Sambil mengayuh, aku mencoba mengalihkan perhatianku dengan asal mula ekspresi 'cuaca cersh selama musim hujan' ini . Jika aku tidak melakukannya, kepalaku akan dipenuhi oleh Ayase-san. Aku bahkan tidak berusaha memperlambat perjalananku ke sekolah. Aku masih bisa melihat tetesan air hujan di deretan pohon yang kulewati. Tetesan air di dahan pohon jatuh dan mengenai wajahku. Berkat sensasi dingin itu, wajah lelahku perlahan terbangun juga.
Mungkin dia masih marah karena insiden pakaian dalam kemarin. Berpikir tentang kemungkinan itu, kupikir kepribadiannya akan membuatnya langsung memberi tahu aku jika dia masih marah.... Sayangnya, hal itu membuat segalanya semakin membingungkan. Merenungkan hal ini, aku sudah sampai di sekolah. Aku melihat ke langit lagi, tapi tidak dapat menemukan satu awan pun.

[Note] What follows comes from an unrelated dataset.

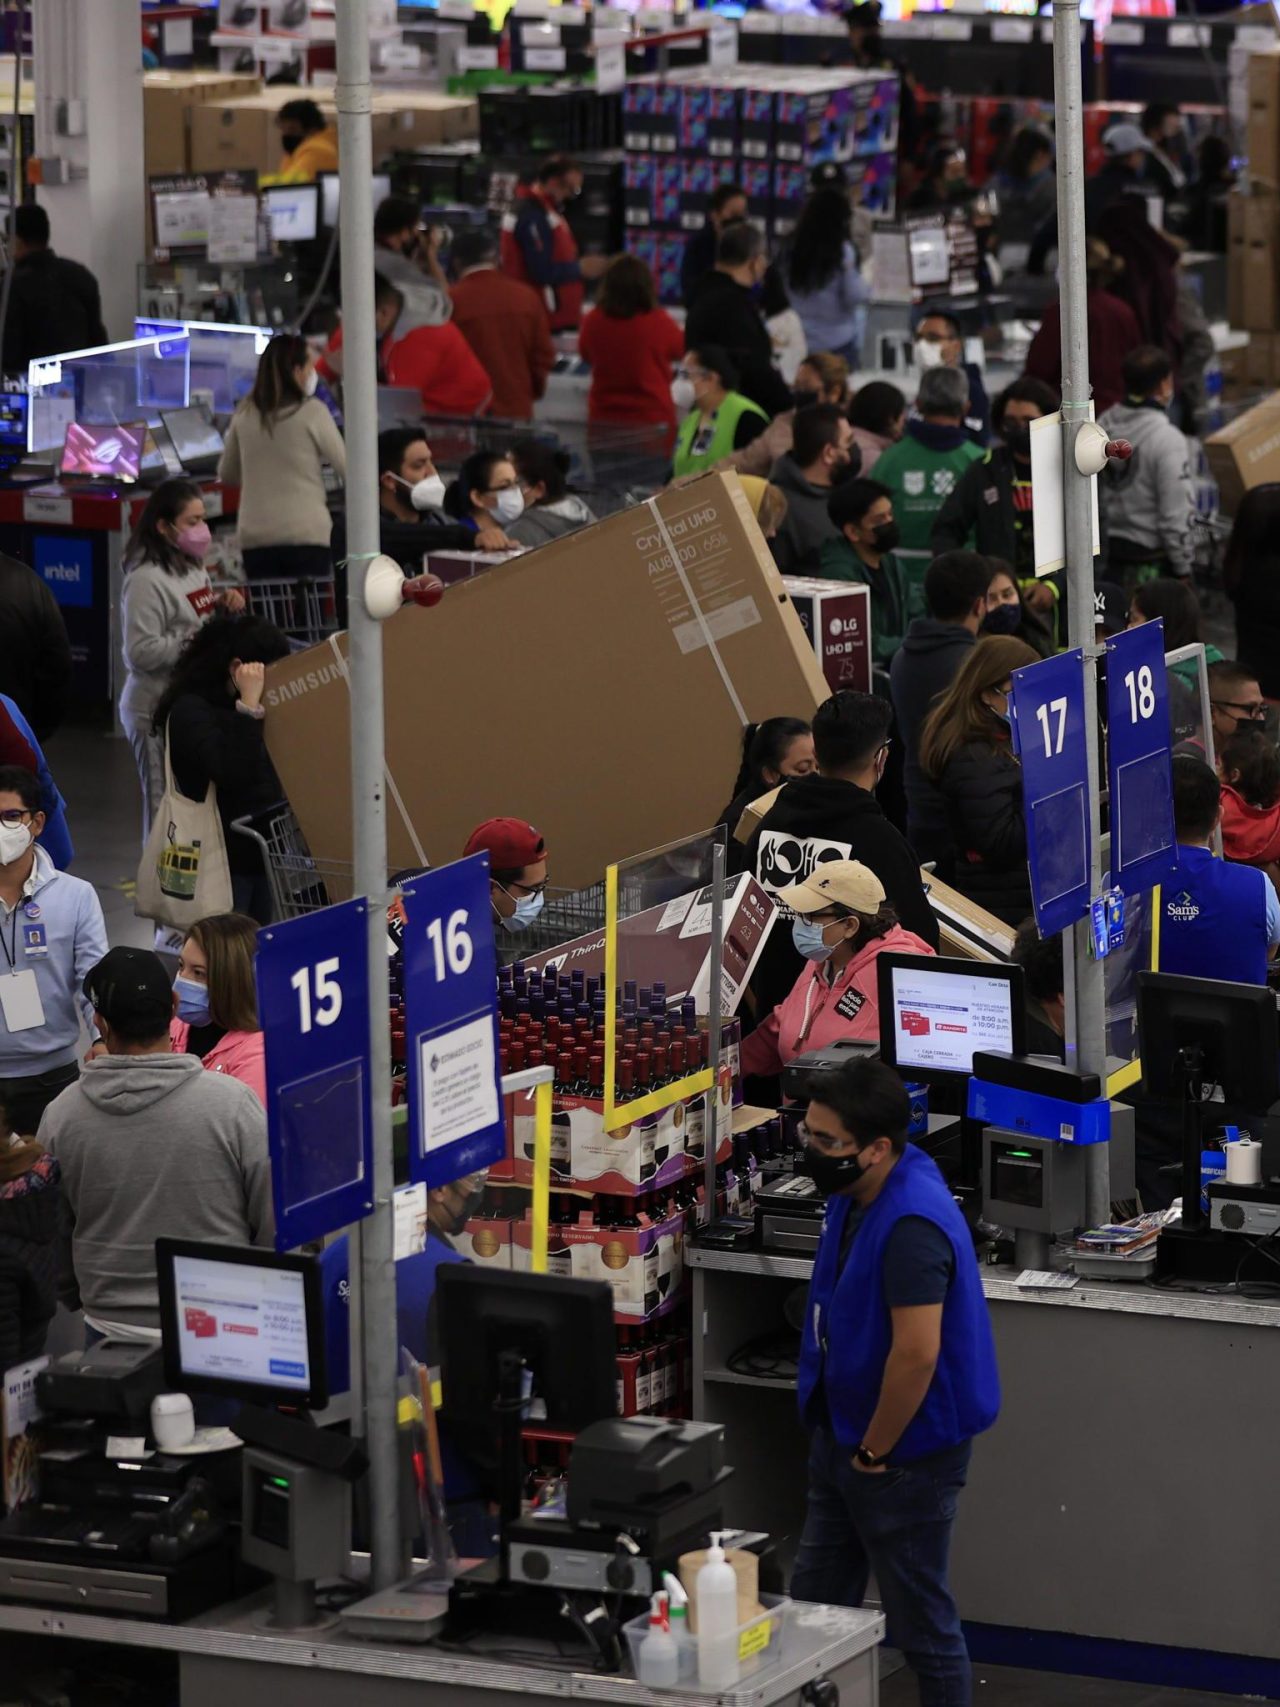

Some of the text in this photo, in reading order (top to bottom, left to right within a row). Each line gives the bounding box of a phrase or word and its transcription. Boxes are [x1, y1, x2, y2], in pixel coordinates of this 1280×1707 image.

Kalau aku tidak salah ingat, kita punya kelas olahraga di jam berikutnya… Tentu saja, ini latihan untuk festival olahraga bola lagi. Seperti sebelumnya, kami akan bertemu di lokasi yang sama seperti sebelumnya, lapangan tenis. Artinya, aku akan bertemu dengan Ayase-san lagi.
Selama jam pertama, aku mengikuti bahasa Jepang modern, tapi seperti yang kau duga, aku tidak bisa fokus sedikit pun dan aku bahkan tidak ingat apa yang kami pelajari.... Akhirnya, jam kedua datang dan setelah semua orang berkumpul, aku mengarahkan perhatianku ke para gadis.
“Seryaaaaaaaaaaa!”
Seperti biasa, Narasaka-san dalam performa terbaiknya. Dia melemparkan bola sampai ke lapangan sebelah.
“Maayaaaaaa!”
“Ohhh, homerun!”
"Idiot!"
Aku tidak ingat ada teknik homerun dalam tenis. Tapi mengabaikan itu, aku tidak bisa menemukan Ayase-san dalam kelompok perempuan yang berlatih. Sebagai gantinya, dia sekali lagi bersandar di pagar di sudut lapangan tenis, dilengkapi earphone. Satu-satunya perbedaan dari sebelumnya adalah dia tidak melihat ke dalam kehampaan, melainkan terus memikirkan sesuatu. Dengan wajah tertunduk, matanya terpejam.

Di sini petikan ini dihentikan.